La constitution de la Ve, par exemple, offre l'avantage par son mode électoral d'éviter de donner trop de poids à des partis marginaux au parlement - l'inconvénient étant automatiquement de réduire l'audience de certaine formation. Suivant les opinions politiques que l'ont a, on apprécie le premier (au PS) ou l'on regrette le second (chez les Verts). Mais cela se traduit dans la loi.
D'autre part, la constitution européenne offre la particularité de fixer non seulement des institutions, mais encore un programme économique officiel. Mais encore des dispositions économiques.
On peut discuter sur le fond de ces orientations économiques. Relèvent-elles du "libéralisme" et qu'est-ce qu'on entend par là, est-ce bon ou mauvais, est-il atténué ou non, etc.
Mais partons d'abord du principe : est-il souhaitable d’inscrire dans une constitution, c’est-à-dire un soc de marbre auquel on doit par nature toucher le moins possible, les orientations économiques d’une entité (État ou fédération) ?
Doit-on dire que le fonctionnement institutionnel d’une entité doit aller de paire avec son fonctionnement économique ? Pour moi, non. L’économie fait partie des options politiques, des choix, modifiables par le suffrage universel et le résultat des élections. Il est de mon droit de préférer un point de vue keynesien et d'envoyer au gouvernement des gens qui partagent cette opinion (l'inverse est d'ailleurs tout aussi vrai : j'ai le droit d'être favorable à une vision monétariste et libérale, et de vouloir la faire appliquer).
Inscrire ses règles économiques dans sa constitution, seuls les pays communistes l'ont fait jusqu'ici !
Didine wrote:Ce qui m'énerve un peu dans tous les débats sur la Constitution, c'est de voir que les Français se rappellent que l'Union Européenne existe uniquement lorsque des référundums relatifs à cette dernière sont organisés. Le reste du temps, on regarde l'UE avec détachement en faisant bien la distinction entre "nous les citoyens" et "eux les bureaucrates auxquels on ne comprend rien".
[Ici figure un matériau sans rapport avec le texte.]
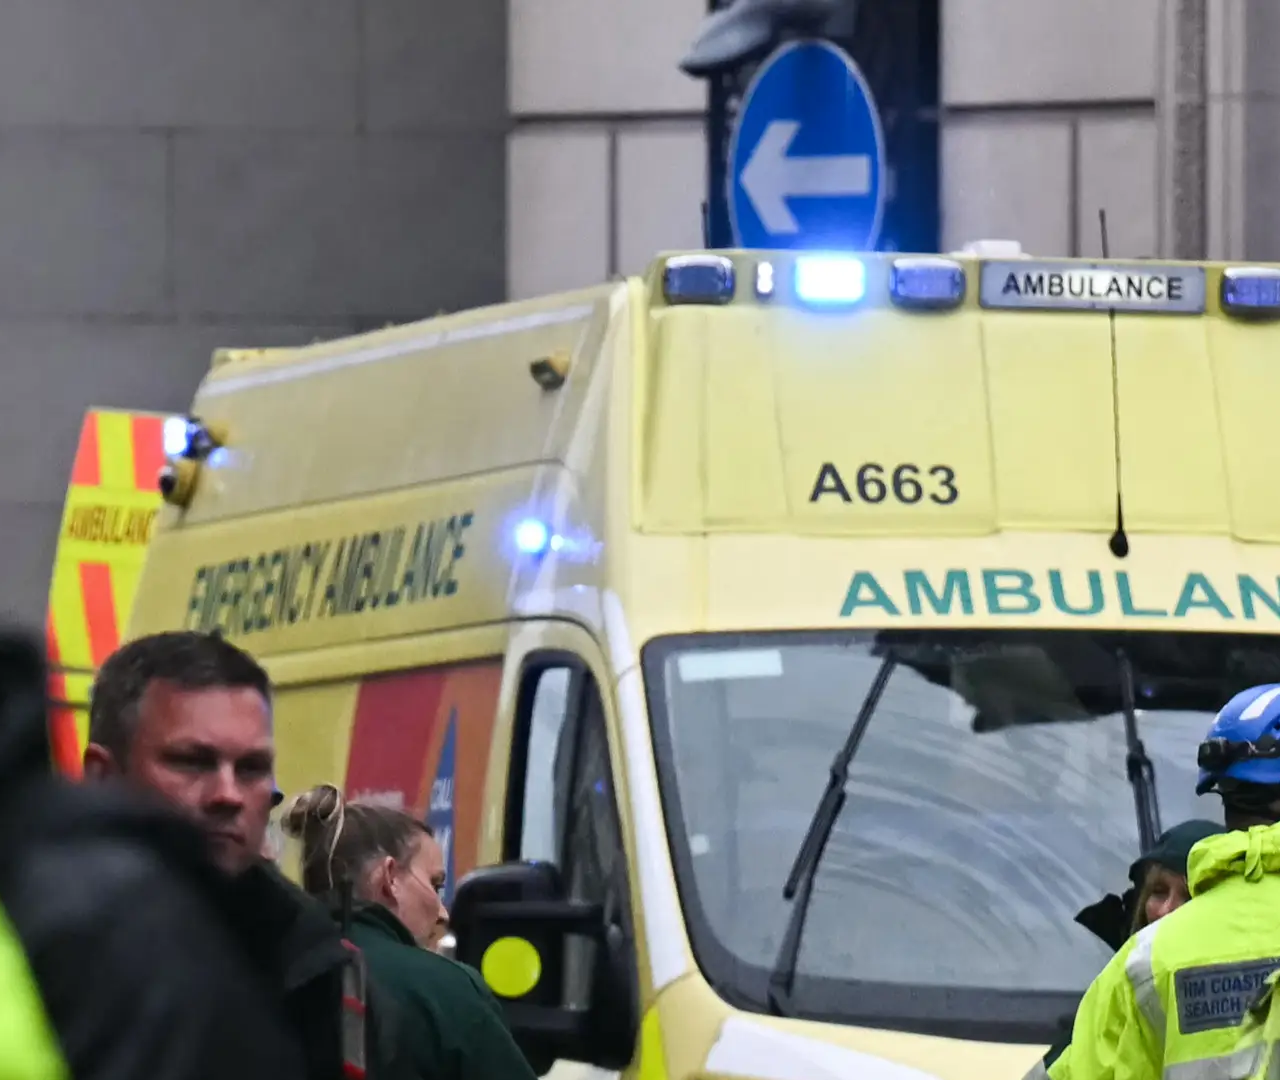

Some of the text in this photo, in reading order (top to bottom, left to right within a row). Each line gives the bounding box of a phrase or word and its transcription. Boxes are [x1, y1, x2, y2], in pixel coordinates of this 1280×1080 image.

[1002, 271, 1184, 300] AMBULANCE
[808, 461, 959, 504] A663
[318, 511, 475, 619] AMBULANCE
[1184, 997, 1241, 1019] SEARCH
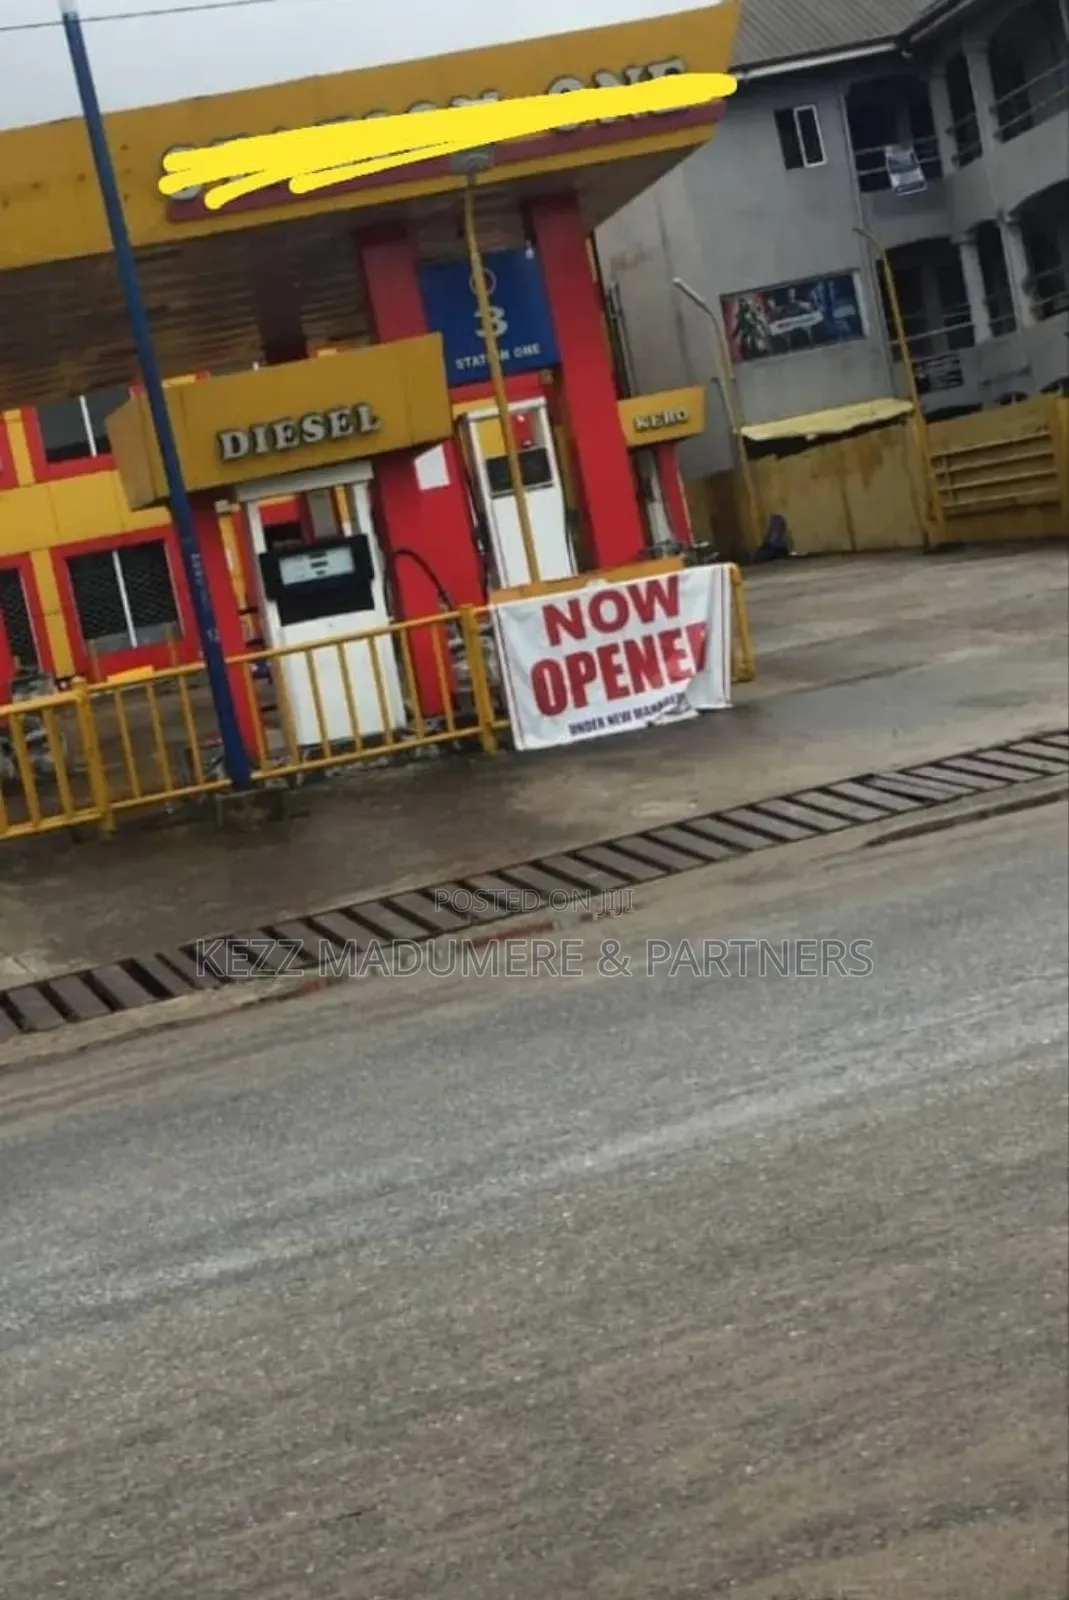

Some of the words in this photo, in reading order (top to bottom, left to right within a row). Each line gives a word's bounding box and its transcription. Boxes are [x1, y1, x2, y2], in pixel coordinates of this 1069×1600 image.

[455, 349, 510, 370] STATN
[218, 402, 381, 461] DIESEL
[541, 574, 680, 647] NOW
[568, 716, 605, 736] UNDER
[606, 709, 632, 727] NEW
Quel était l'argumentaire des "ouistes" instutionnels au début de la campagne ?
pour l'UMP : un gamin qui sourit sur un fond bleu
pour les Verts : un joli tournesol avec un oui dessus
pour le PS : une bande de jeunes multicolores (on est multiculturaliste au PS) sur un fond bleu.
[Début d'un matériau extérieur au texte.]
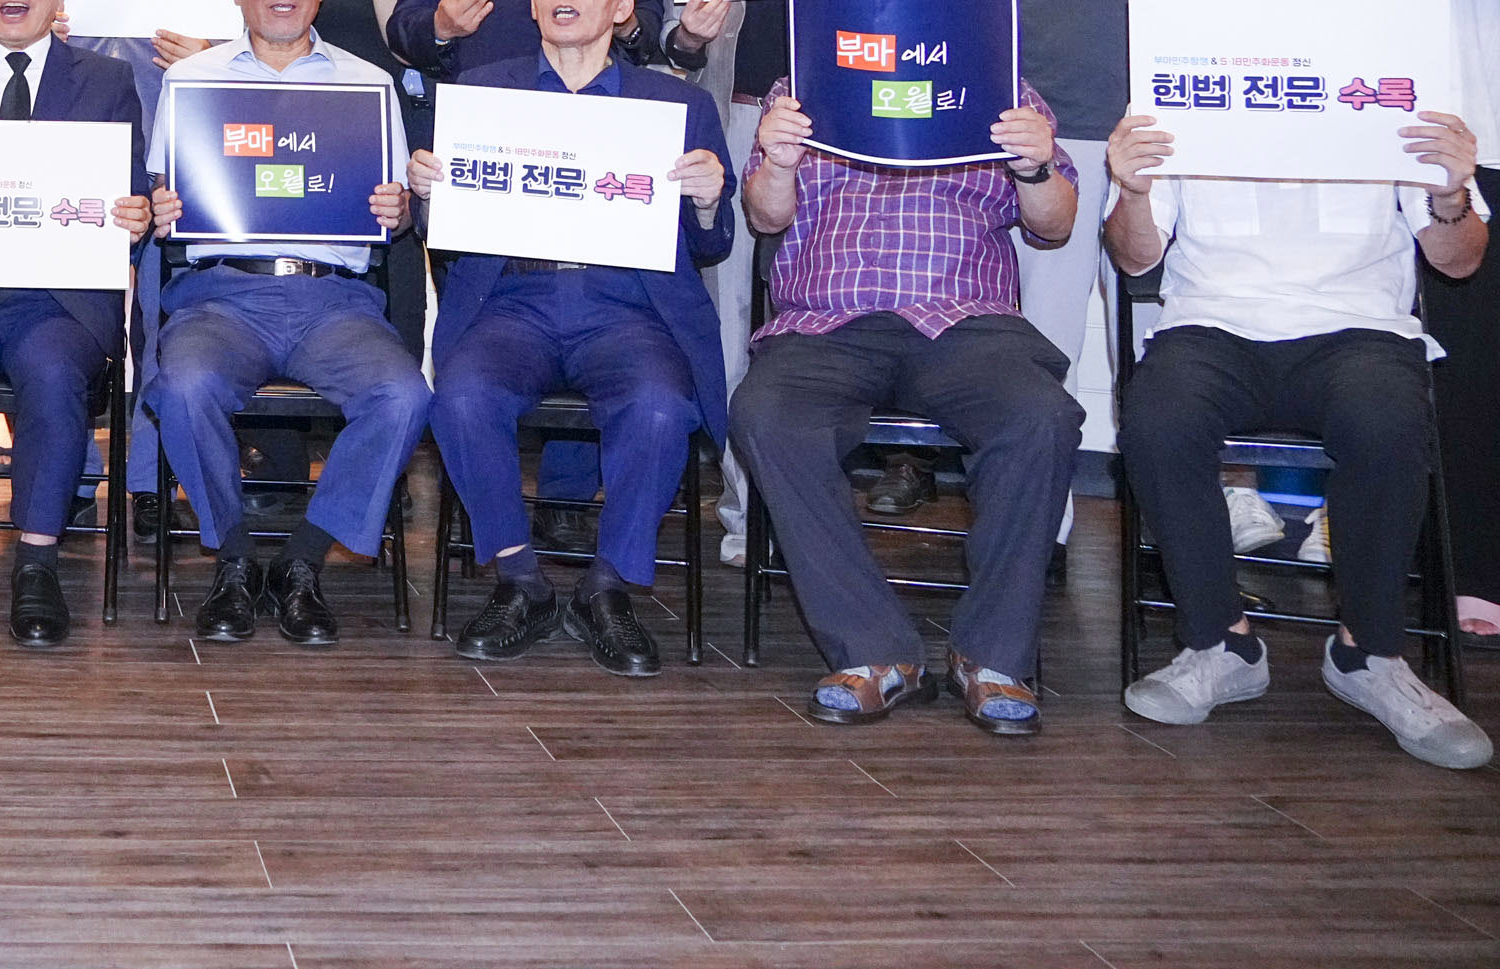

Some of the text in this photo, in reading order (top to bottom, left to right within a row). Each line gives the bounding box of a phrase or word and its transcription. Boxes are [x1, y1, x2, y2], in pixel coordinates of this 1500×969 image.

[1292, 57, 1312, 67] 정신
[1151, 73, 1417, 112] 헌법 전문 수록
[561, 151, 577, 160] 정신
[450, 157, 654, 204] 헌법 전문 수록
[50, 197, 106, 227] 수록
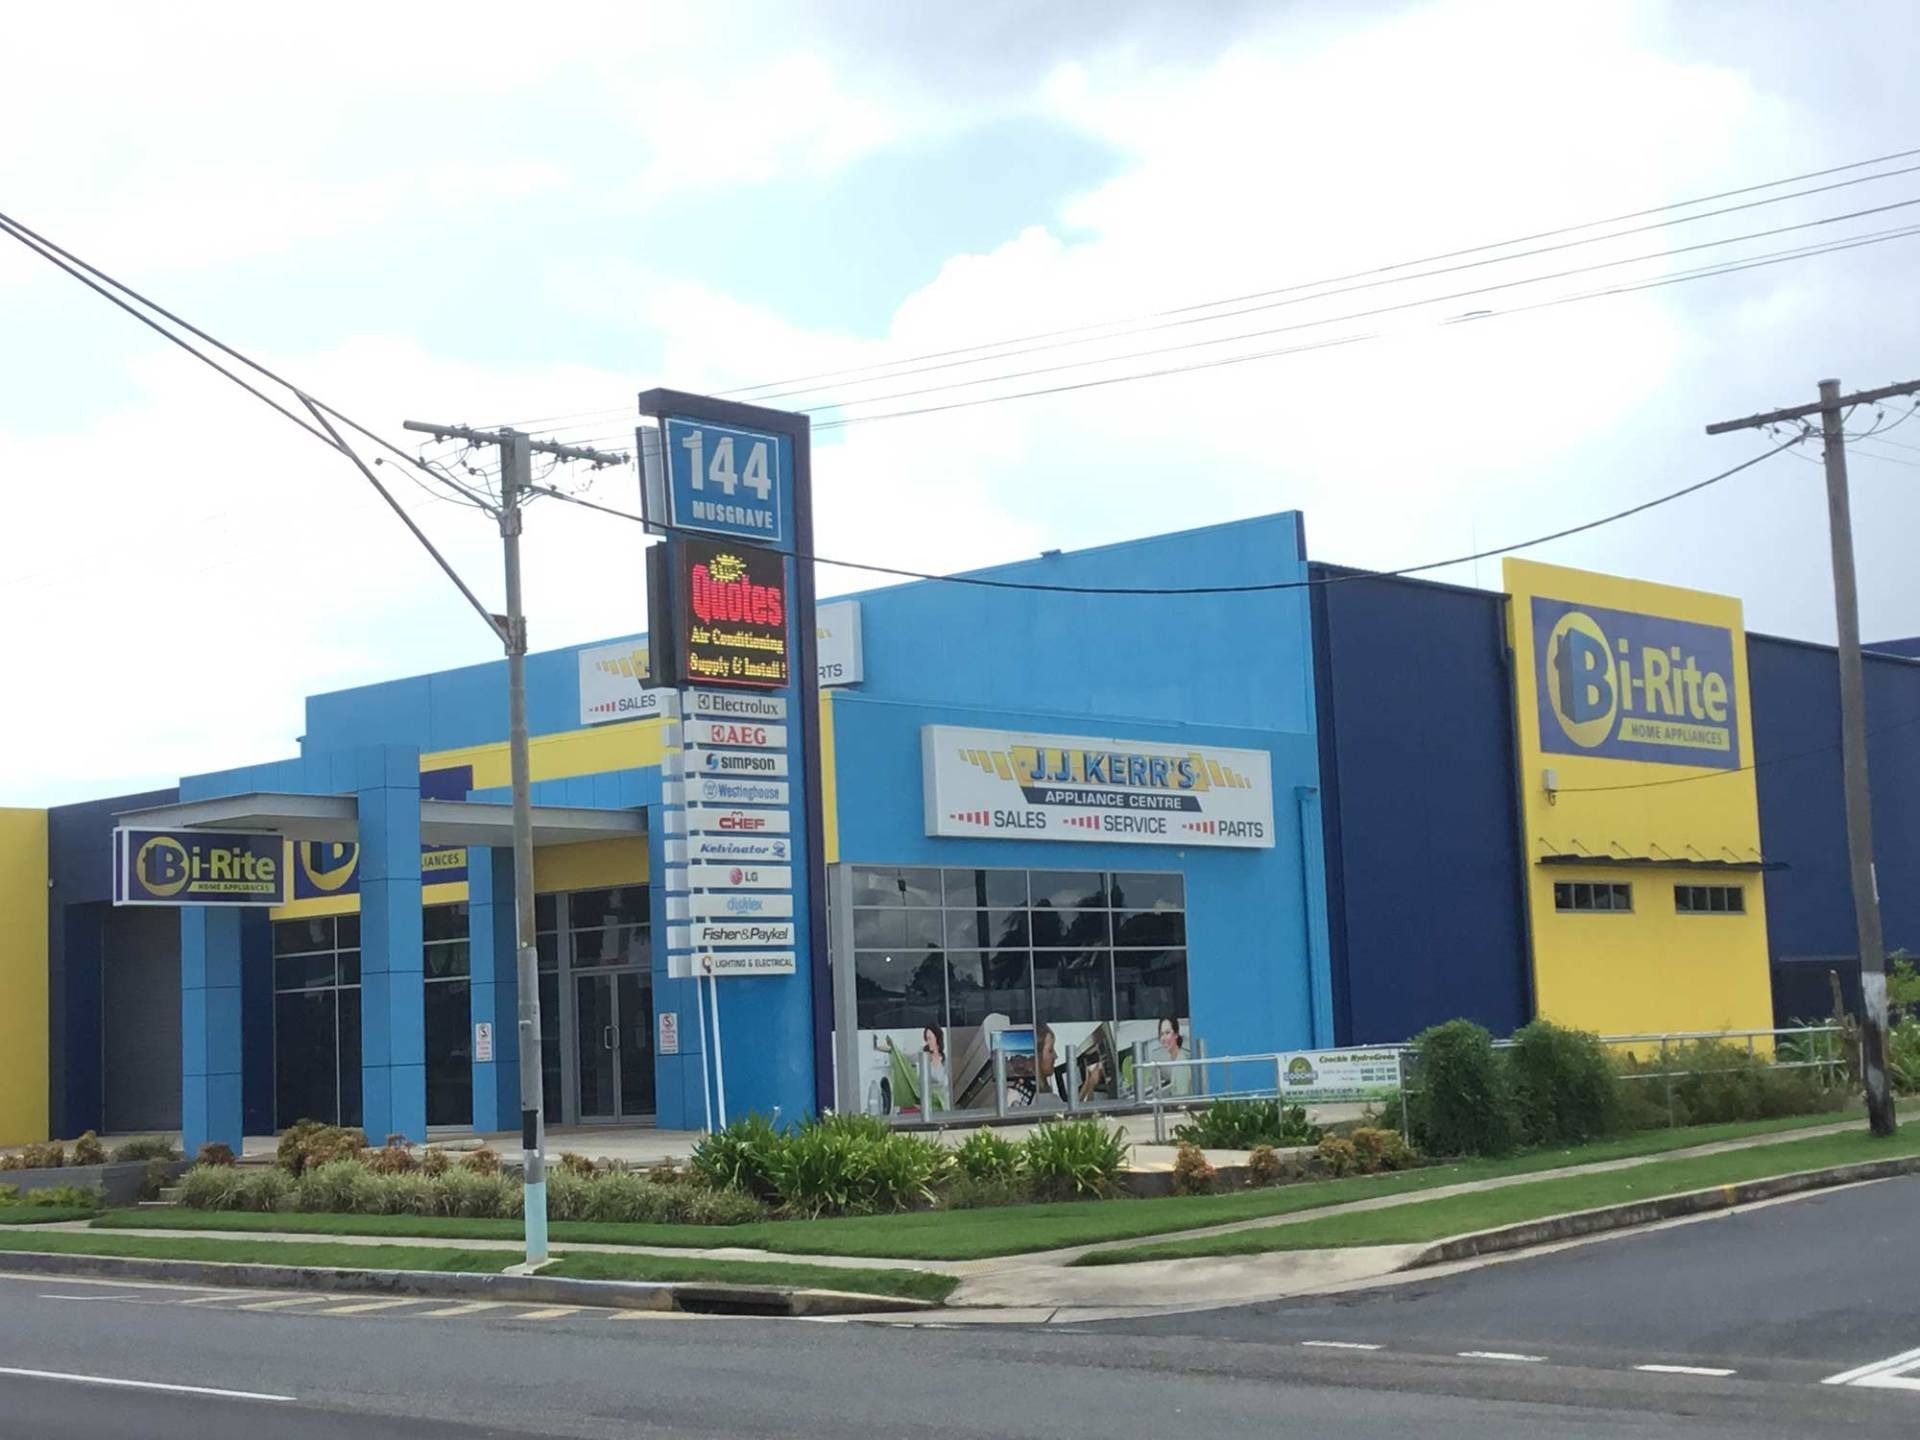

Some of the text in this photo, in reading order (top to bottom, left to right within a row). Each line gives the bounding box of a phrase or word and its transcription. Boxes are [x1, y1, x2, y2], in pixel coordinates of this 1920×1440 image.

... Aparté : il me souvient qu'en première, notre prof, très européanophile, un jour de ces éternelles "journées de l'Europe", nous avait lancé avec la certitude de jeune prêtre s'attendant à une réponse exultante : "l'Europe, qu'est-ce que vous en pensez ?" (a. c'est bien, b. c'est top, c. c'est génial). Grand silence. Enorme silence. Dépit de la prof. "bin vous savez, nous, on voit pas très bien ce que cela change pour nous ".
La camarade qui a prononcé ces paroles n'était pas une imbécile, ni une nationaliste en herbe. Je crois me souvenir qu'elle était germaniste. La jeunesse que nous étions n'avions pas besoin de l'excuse de douze petites étoiles sur fond bleu pour savoir que nous aimions les Allemands et que nous ne ferions pas la guerre aux Anglais. Cette Europe-là (qui doit au moins autant à la foi politique d'Adenauer et de de Gaulle qu'à des arguties économiques) est faite ; pourrait-on avoir d'autres arguments ?.
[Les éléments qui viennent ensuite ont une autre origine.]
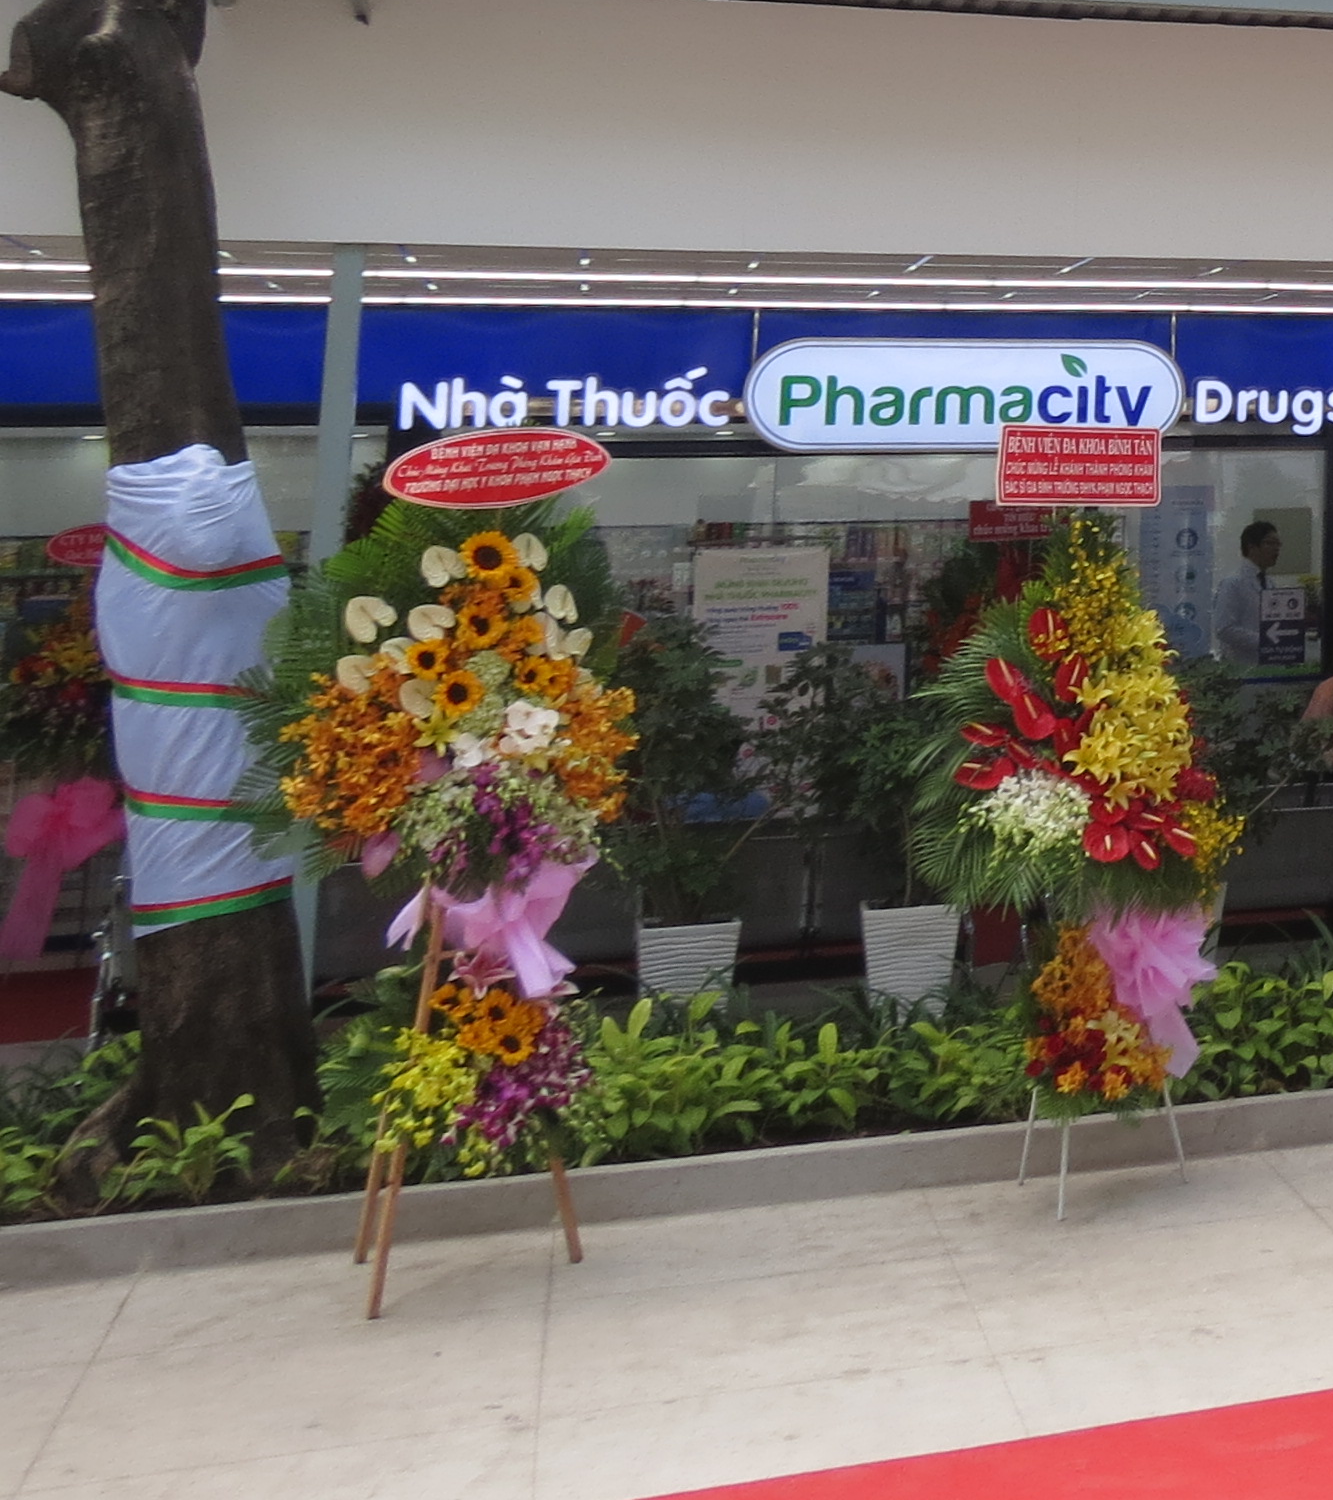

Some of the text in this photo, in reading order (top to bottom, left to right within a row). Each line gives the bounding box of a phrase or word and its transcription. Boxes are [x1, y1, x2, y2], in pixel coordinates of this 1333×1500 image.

[399, 366, 731, 430] Nhà Thuốc
[778, 358, 1152, 428] Pharmacity
[1008, 432, 1154, 458] BỆNH VIỆN ĐA KHOA BÌNH TÂN
Autre souvenir de ces "journées de l'Europe" : un petit livret de gentille propagande délivrée au CM2. L'Europe c'est bien, l'Europe c'est jolie "et en plus, disait un personnage, il y a douze étoiles, une chacun" (sic ! En plus c'était faux mais à l'époque on pouvait croire que c'était vrai). Et puis dessiner le drapeau : je n'ai jamais su faire d'étoile à cinq branche, donc j'ai eu une mauvaise note et je suis devenu eurosceptique

Trève de plaisanterie : on parlerait de propagande s'il s'agissait de politique nationale - genre "nos ancêtres les Gaulois". Mais l'Europe, elle, a le droit de se vendre de manière aussi puérile. Et dans les discours et les tracts des jeunes soc', je retrouve le même infantilisme (je parle d'eux, parce que normalement je "devrais" être un de leurs électeurs.

Je veux qu'on cesse de nous demander de croire en l'Europe comme en la sainte vierge. Et qu'on nous l'explique.
Tu dis une chose très juste : "les bureaucrates auxquels on ne comprend rien". Admettrait-on qu'un gouvernement national soit élu par trois instances en même temps et concurrement ? Admettrait-on qu'une chambre ait un pouvoir "à la majorité qualifiée" calculé en pourcentages ? Admettrait-on qu'un ministre de premier plan, quelque compétent qu'il soit, soit un parfait inconnu ? (M. Bolkestein a eu sur ce point une chance que MM. Lamy et Barnier n'ont jamais eu - ce dernier n'était rien du tout avant d'être commissaire).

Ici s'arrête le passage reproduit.